Il Sole Domenica 29.11.15
Neuropsicologia
Le stigmate nel cervello
di Arnaldo Benini
Il “colpo” di cui si parla in questo libro non è fisico, ma mentale. La mente è il prodotto dei meccanismi nervosi del cervello. I “colpi” che la mente riceve e le stigmate che rimangono per sempre sono lesioni del cervello, secondo la regola della natura che diventa evento della coscienza solo ciò che modifica struttura e funzionamento della corteccia cerebrale. La psicologia, per la plasticità della corteccia cerebrale, è biologia, cioè neuroscienza. Le neuroscienze, dice Kolk, offrono la migliore spiegazione di come il trauma mentale modifichi lo sviluppo del cervello, i meccanismi della coscienza di sé, l’autocontrollo, la capacità di concentrarsi e l’empatia per la vita degli altri. Una delle conseguenze della riduzione della malattia mentale a lesione cerebrale è stata, dice Kolk, la “rivoluzione farmacologica”, cioè l’introduzione nella pratica psichiatrica della farmacoterapia, alla quale l’autore partecipò come giovane psichiatra. Molte delle cosidette malattie mentali sono curabili oltre la terapia della parola, anche se la lesione cerebrale è irreversibile. La farmacoterapia psichiatrica, ora ampiamente usata, «aiuta le persone - dice Kolk - a stare nel presente invece di sentirsi bloccate nel passato». Molti pazienti, nella psicoterapia della parola, mostrano difficoltà a percepire nel profondo ciò che avevano vissuto e a comunicarlo. La concezione riduzionistica della mente e delle lesioni che subisce conferisce linearità concettuale e chiarezza al magistrale studio di Kolk sulle condizioni in cui viene a trovarsi chi ha subìto o praticato violenze.
L’autore, psichiatra d’origine olandese, ha una vastissima esperienza nella clinica, nella ricerca e nella cura dello stress traumatico. Ha fondato e dirige il Trauma Center di Brookline, nel Massachusetts. All’inizio dell’attività si occupò prevalentemente di bambine e di donne che avevano subìto oltraggi d’ogni genere, fino a stupri di gruppo, spesso da parte di familiari, e di giovani cresciuti in famiglie con violenze fisiche fra i genitori, che li bastonavano o si picchiavano, di regola in preda all’alcol. La separazione dei genitori, pur se consensuale, è, per molti bambini, dice Kolk, un colpo con conseguenze durature.

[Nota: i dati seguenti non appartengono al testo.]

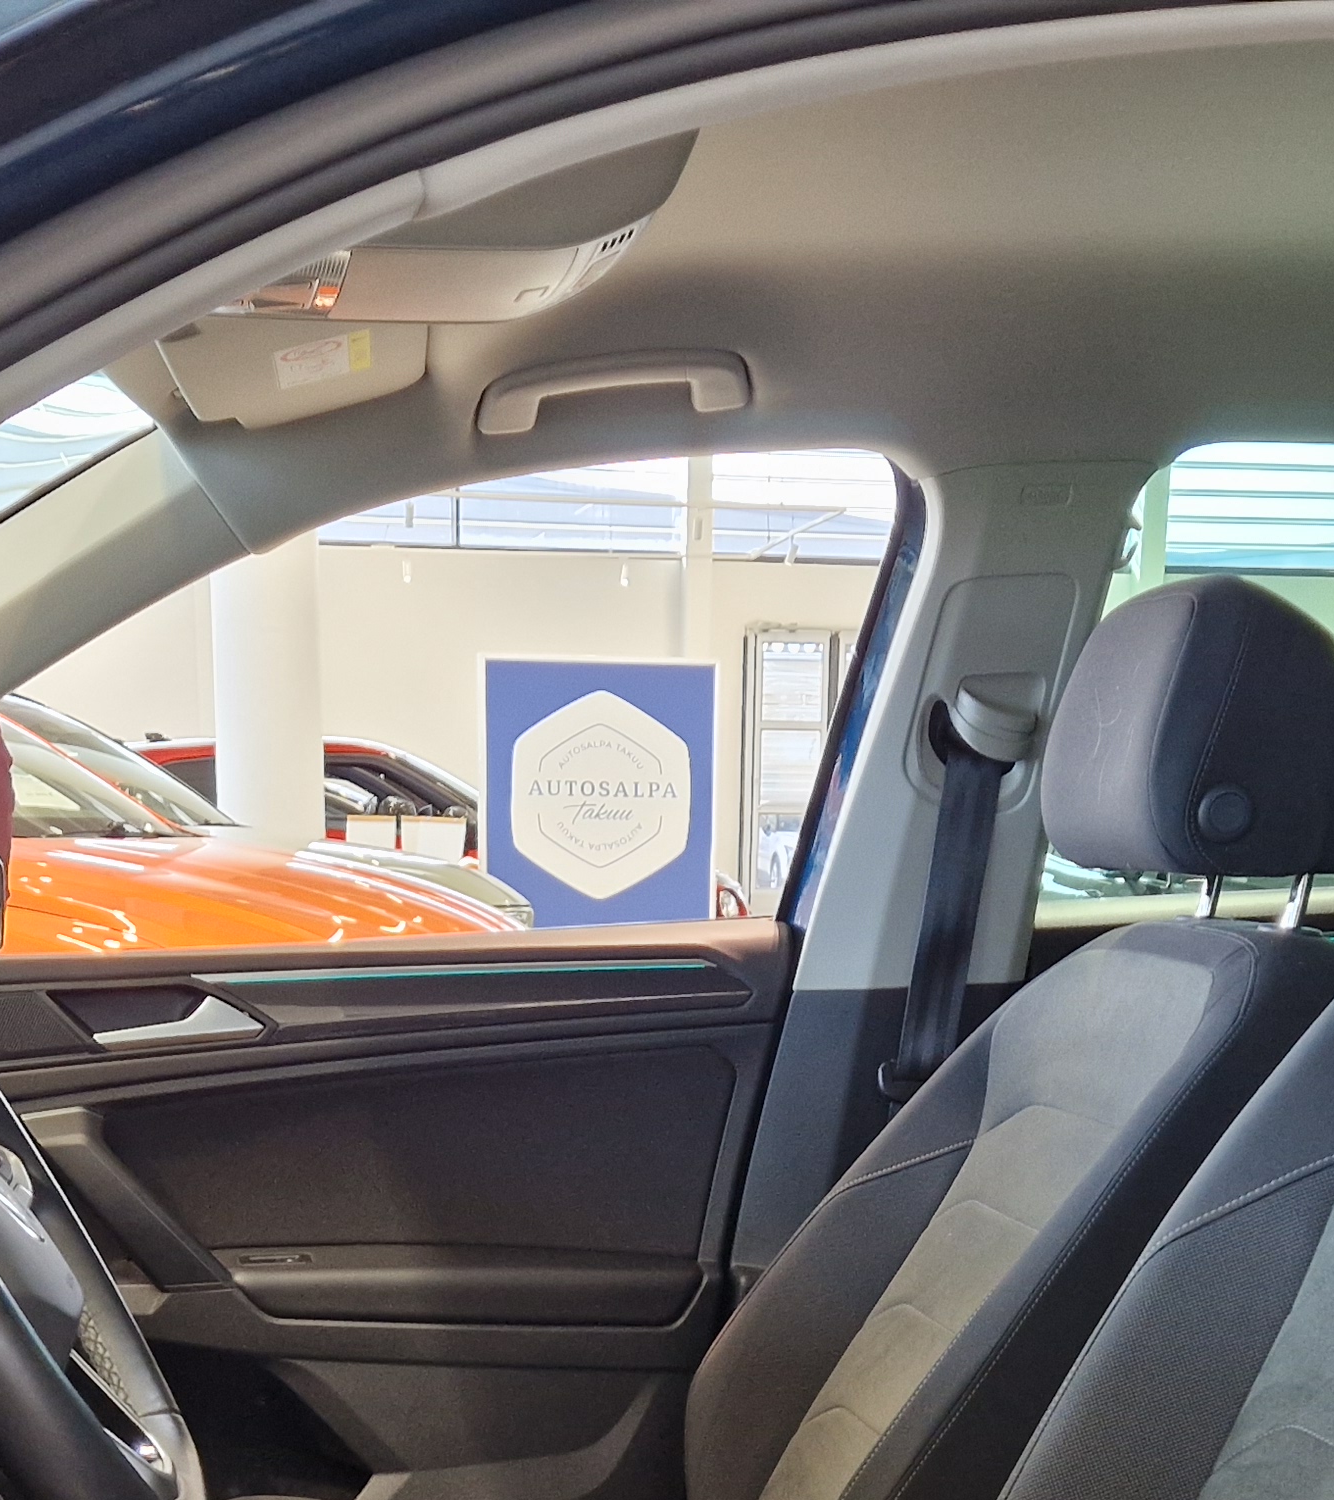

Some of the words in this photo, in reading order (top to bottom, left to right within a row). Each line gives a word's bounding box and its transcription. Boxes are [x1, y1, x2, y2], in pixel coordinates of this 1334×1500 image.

Ha curato poi reduci della guerra nel Vietnam: i più sofferenti non avevano subìto torture, ma le avevano praticate su vecchi, donne e bambini di famiglie vietnamite, massacrate senza pietà e senza motivo, in preda ad un furore di cui non sapevano darsi ragione e che non dava loro pace. Si è occupato anche di testimoni dello schianto di aerei contro il World Trade Center di New York nel 2001. Kolk è stato uno dei pionieri della preziosa, e dettagliatamente descritta, visualizzazione del cervello (neuro-imaging) nello studio delle alterazioni mentali post-traumatiche. Esse hanno dato un contributo all’identificazione delle aree cerebrali coinvolte nel senso di sé, in particolare della corteccia cingolata, parte del sistema limbico delle emozioni. Fu tra i primi a segnalare che nel cervello di persone che ricordavano e rivivevano il colpo che aveva cambiato la loro vita era attivo prevalentemente l’emisfero destro, che studi successivi hanno confermato essere, più del sinistro, sede dei meccanismi della vita emotiva.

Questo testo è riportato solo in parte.